Никаких мужчин я не заметил. Отсутствие в квартире кого-либо еще подтверждало и то, что женщина, прежде чем выйти в прихожую, закрыла на всех окнах форточки и поправила шторы. Она собиралась выйти из дома, прихватив с собой сумку с продуктами… Рассмотреть прихожую было очень трудно, несмотря на то что женщина включила там свет. Вот она склонилась и блеснула лопаточкой для обуви. Вот сняла с полки что-то белое и сунула в сумку – похоже, газеты. Потом протянула руку к стене и начала делать такие движения, будто заводила ключом настенные часы. Мне было плохо видно, я придвинулся к торцу проема, привстал насколько мог и нечаянно смазал ладонью мягкий комочек. Брезгливо отдернул руку. Ничего страшного, вляпался в жвачку. Но как странно, что она оказалась в таком месте, куда не так просто забраться. И что-то еще меня насторожило… Я поднес ладонь к лицу, потянул ноздрями воздух. Вот же бесовская сила! Отчетливый запах корицы! Опять жвачка с запахом корицы!

Я так разволновался, что чуть не упустил мою злую Варвару. Женщина уже вышла на улицу и, закинув лямку сумки на плечо, прошествовала к остановке автобуса. Я побежал вниз, испытывая странное ощущение, что бегу чьей-то проторенной тропой, наступаю на следы опасного зверя, и он где-то рядом, за ближайшим поворотом, и если приглядеться, то можно найти клочки шерсти, сломанные ветви кустов, следы когтистых лап и кучки помета… Женщина уже заходила в автобус, когда я оказался на улице. Его двери закрылись. Я в растерянности остановился посреди тротуара. Автобус, затрещав выхлопной трубой, тяжело поехал в горку. Я кинулся наперерез такси, размахивая руками, но думал при этом о человеке, который оставил жвачку на оконном проеме. Он следил за Алексеем так же, как это только что делал я – из оконного проема на лестничной площадке. Но для чего? Чтобы уничтожить артиста подобно тому, как он уничтожил Юрку и Макса? Он хочет уничтожить самозванца, моего двойника, воришку, укравшего мое имя? Не пойму, кто же ему больше нужен: настоящий Кирилл Вацура или фальшивый? Или он запутался в нас двоих и потому для верности намерен хлопнуть обоих?.. Однако рост у него должен быть не ниже моего, иначе как он забрался на оконный проем?

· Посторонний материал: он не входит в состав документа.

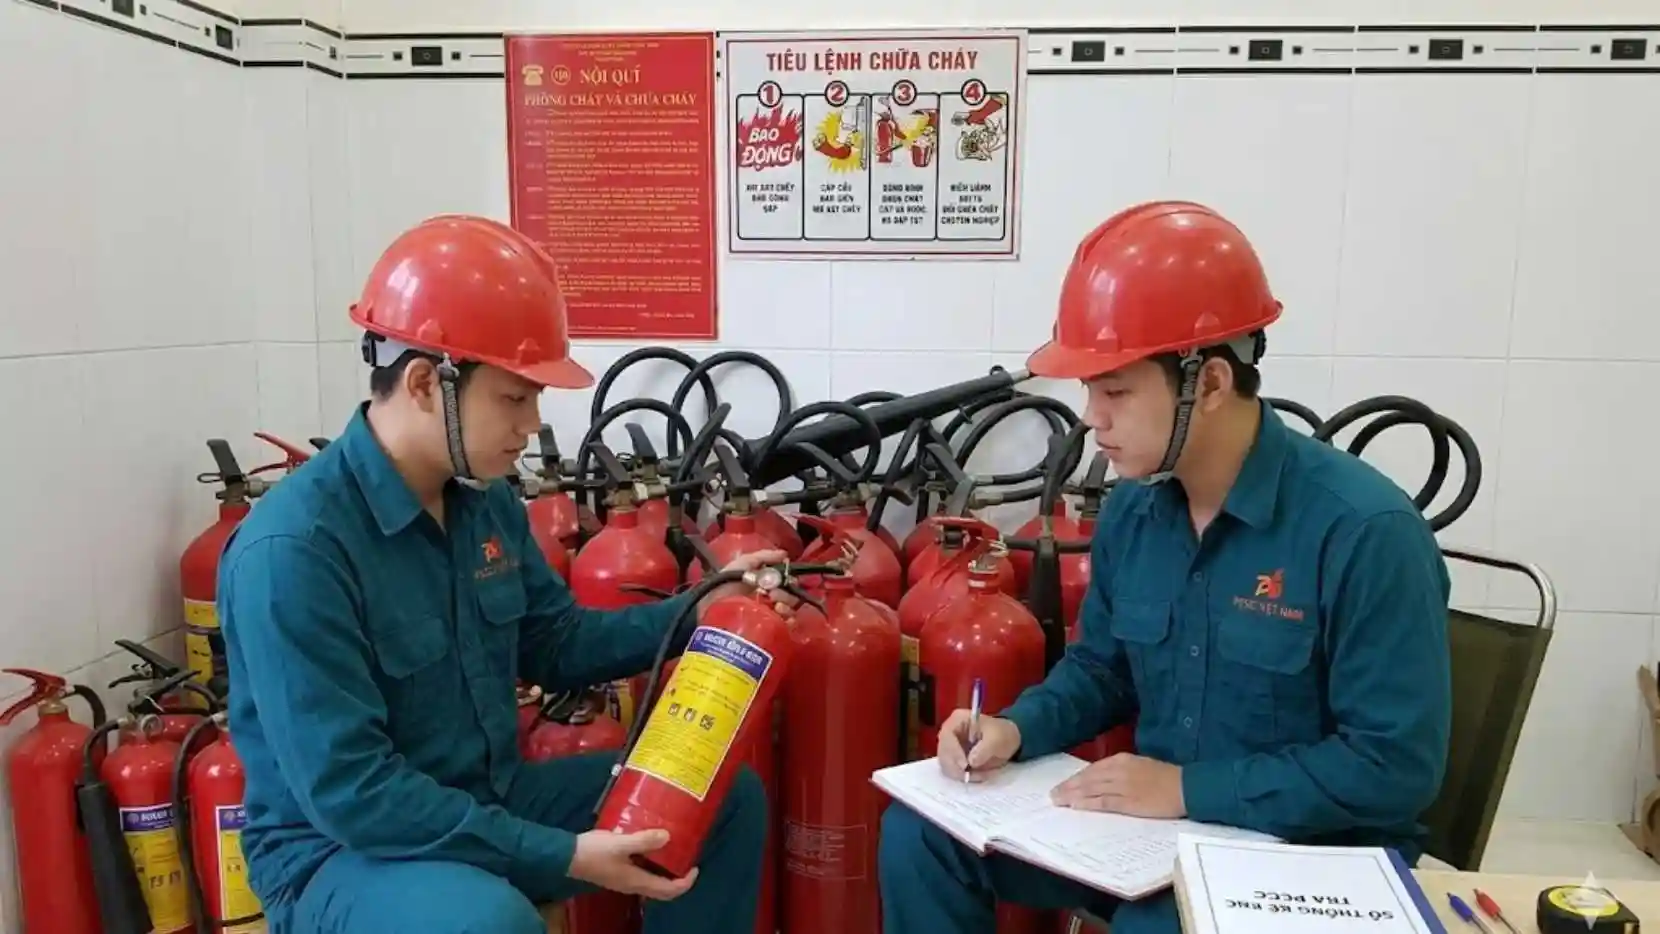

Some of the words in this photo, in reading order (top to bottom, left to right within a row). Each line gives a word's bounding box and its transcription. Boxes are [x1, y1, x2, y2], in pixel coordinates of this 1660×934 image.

[766, 48, 806, 71] TIÊU
[814, 48, 861, 75] LỆNH
[869, 47, 921, 71] CHỮA
[928, 47, 978, 71] CHÁY
[763, 86, 774, 104] 1
[830, 85, 844, 101] 2
[898, 85, 911, 101] 3
[968, 85, 981, 101] 4

– За тем автобусом! – крикнул я, запрыгивая в салон такси.

– Девушку догоняешь? – весело сказал водитель, с усилием передвигая рычаг передачи.

Мы догнали автобус в считаные минуты. Я велел ехать за ним медленно, заблаговременно притормаживая перед остановками. Из автобуса выходили пассажиры, моей Варвары не было видно. Автобус, окутывая себя клубами дыма, выполз на улицу Сергея Лазо, затем свернул на Террасную. Я уже начал опасаться, что прошляпил женщину, но вот автобус добрался до Зеленой, остановился на краю пустыря, и из него вышла красная, злая от духоты и тряски Варвара. Оглядевшись по сторонам, она поплелась по тропинке через пустырь к дачным домикам, чьи крыши выглядывали из-за деревьев.

Я подождал, пока она отойдет на приличное расстояние, чтобы не вызвать у нее подозрения, рассчитался с водителем и вышел из такси. Идти через голый пустырь и при этом остаться незамеченным я не мог при всем своем горячем желании, поэтому припустил бегом по кругу, словно бешеная собака.

Женщина зашла в поселок и свернула на узкую улочку, огороженную с обеих сторон сеткой-рабицей. Я добрался до ближайших деревьев, перемахнул через покосившийся деревянный забор, пробежался по грядкам и присел за теплицей, составленной из старых оконных рам. Отсюда я хорошо видел, как женщина приблизилась к железной калитке, обшитой по периметру колючей проволокой, оглянулась и сдвинула шпингалет. Затем зашла во дворик и заперлась изнутри.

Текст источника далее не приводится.